(Information supplied begins)

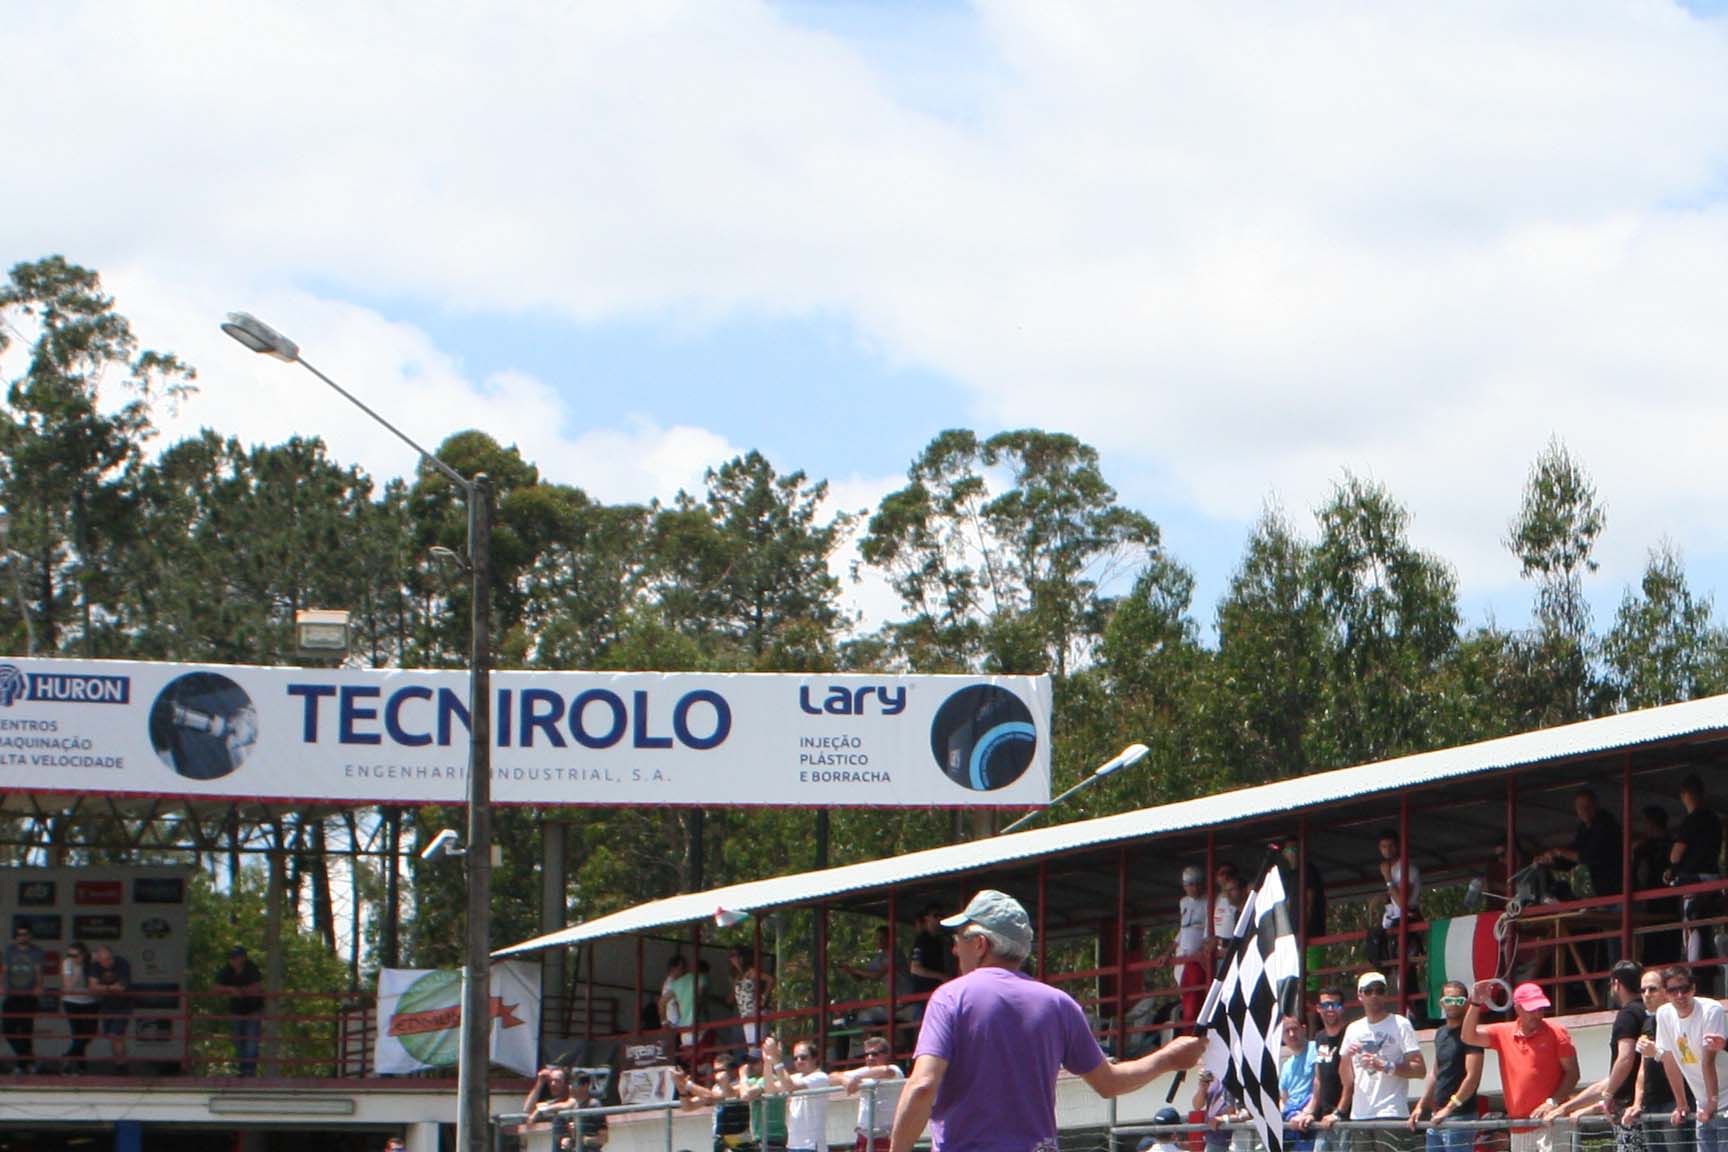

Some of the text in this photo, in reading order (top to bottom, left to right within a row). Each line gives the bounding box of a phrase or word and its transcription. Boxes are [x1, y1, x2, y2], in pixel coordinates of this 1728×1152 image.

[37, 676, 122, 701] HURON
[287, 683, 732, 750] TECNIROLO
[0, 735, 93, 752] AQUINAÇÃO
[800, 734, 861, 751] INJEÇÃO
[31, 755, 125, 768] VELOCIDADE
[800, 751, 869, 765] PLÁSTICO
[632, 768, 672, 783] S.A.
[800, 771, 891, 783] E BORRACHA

(Information supplied ends)

▸ Directions for this task
Each entry shown above must be quoted exactly, with its pictures left out.

▸ Task response
Some of the text in this photo, in reading order (top to bottom, left to right within a row). Each line gives the bounding box of a phrase or word and its transcription. Boxes are [x1, y1, x2, y2], in pixel coordinates of this 1728×1152 image.

[37, 676, 122, 701] HURON
[287, 683, 732, 750] TECNIROLO
[0, 735, 93, 752] AQUINAÇÃO
[800, 734, 861, 751] INJEÇÃO
[31, 755, 125, 768] VELOCIDADE
[800, 751, 869, 765] PLÁSTICO
[632, 768, 672, 783] S.A.
[800, 771, 891, 783] E BORRACHA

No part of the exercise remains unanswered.